How can Stu have a wife? I still don’t get it. She had a
soft, smiley sort of face and short, curly grey hair. She looked like anyone you’d see in a shop, like someone’s nice granny. I mean, she was wearing a fluffy yellow jumper.
“… and now he’s getting hyper-real mobile hallucinatory experiences!” Stu was talking really fast at her. “I’m theorising it’s the result of low-dose exposure to psychoactive compounds with a delayed onset, possibly triggered by some environmental factor…”
The hallway was painted magnolia, with a pale blue carpet. Every bit of furniture and every ornament was dusted and sparkly, and it smelled of furniture polish and lavender, instead of the fags and BO that Stu emitted.
Stu’s wife didn’t seem to be listening to him. “They sent you home?” she asked me. “You don’t look so well – do you want some cake?
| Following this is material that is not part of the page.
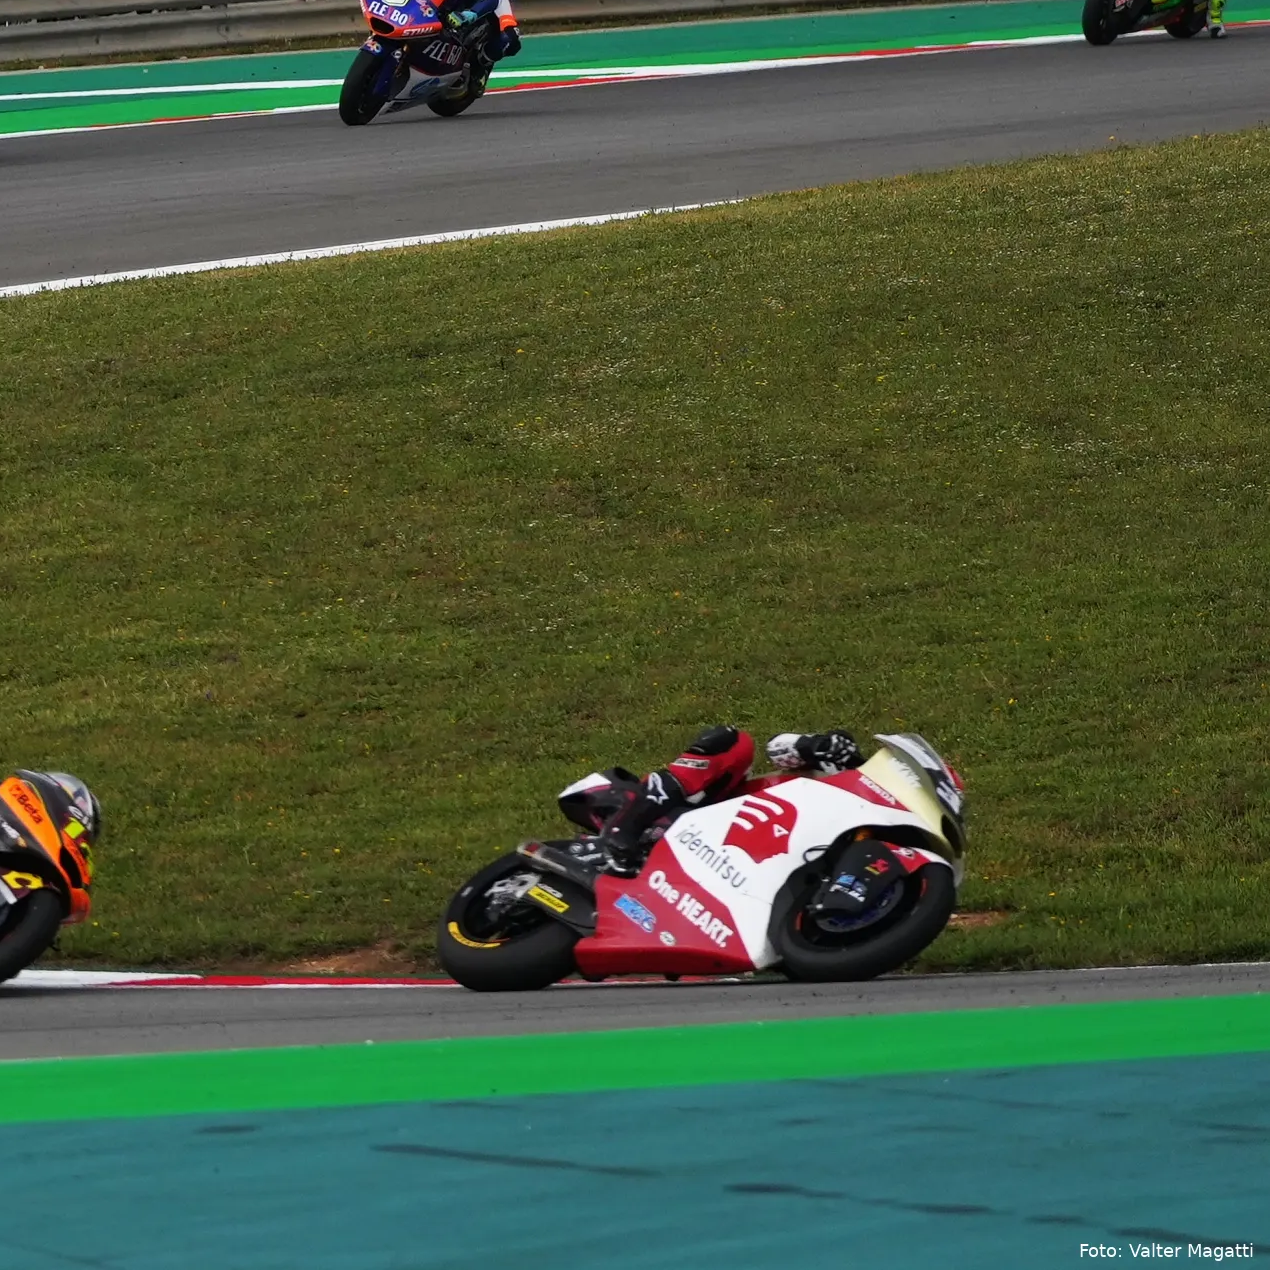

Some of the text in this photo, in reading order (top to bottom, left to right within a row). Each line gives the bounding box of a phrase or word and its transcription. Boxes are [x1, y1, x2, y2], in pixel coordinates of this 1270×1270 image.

I made lemon drizzle yesterday, and there’s a good chunk of it left.”
Stu stopped ranting to tut. “The school said he was feeling sick. You can’t give him cake!”
“I don’t feel so bad now,” I said. “I’m sure I could eat some, thank you.”
“And so polite.” She smiled at me.
“We’re going into the study,” said Stu.
His wife rolled her eyes. “He doesn’t want to do that, surely? It’s very stuffy in there. Why doesn’t Gray just watch telly and wait for his dad…”
“Because this is an emergency!” shouted Stu. “We can’t just sit around…”
“Stu,” his wife said sternly.
He lowered his voice and muttered, “Sorry.”
“He gets excited, that’s all,” she said to me. “Now, do you want cake and telly?”
“No thank you,” I said, even though it sounded good, because Stu was right, it did feel like an emergency. If I didn’t sort out what was happening to me, my head was going to explode.
“Well cake at least,” she said, going to get some.
Stu’s study was more what I’d expected of him, and totally different to the rest of the bungalow. The curtains were drawn, the walls were covered in shelves, and the shelves were filled with books and stacked-up paper. Broken-looking electronics equipment, old magazines and newspapers were lying about everywhere. Dead computers sat in various corners, including this prehistoric one that must have been made in the 90s. There was a narrow gap
through to Stu’s desk, and on that was a really flash-looking laptop, a printer, a monitor, the tower of a desktop, a shredder and more papers stacked in a leaning pile.
Stu noticed me looking at the broken computers. “I can’t throw the old ones away, not once they’ve had the Database on them. Even wiped, there’s ways of getting the info out again. Can’t risk it falling into the wrong hands.” He switched on the laptop and sat down. “Right, let’s start with UK-Earths. What was the name of the woman you mentioned, who showed you round the quarry?”
“Dr Harcourt,” I said, through a mouthful of cake.
Stu tapped into the computer.
“Aren’t you going to look in the Database?” I asked.
He shook his head. “Google, then darknet, then Database.” He glanced at me. “Hasn’t your dad taught you the basics?”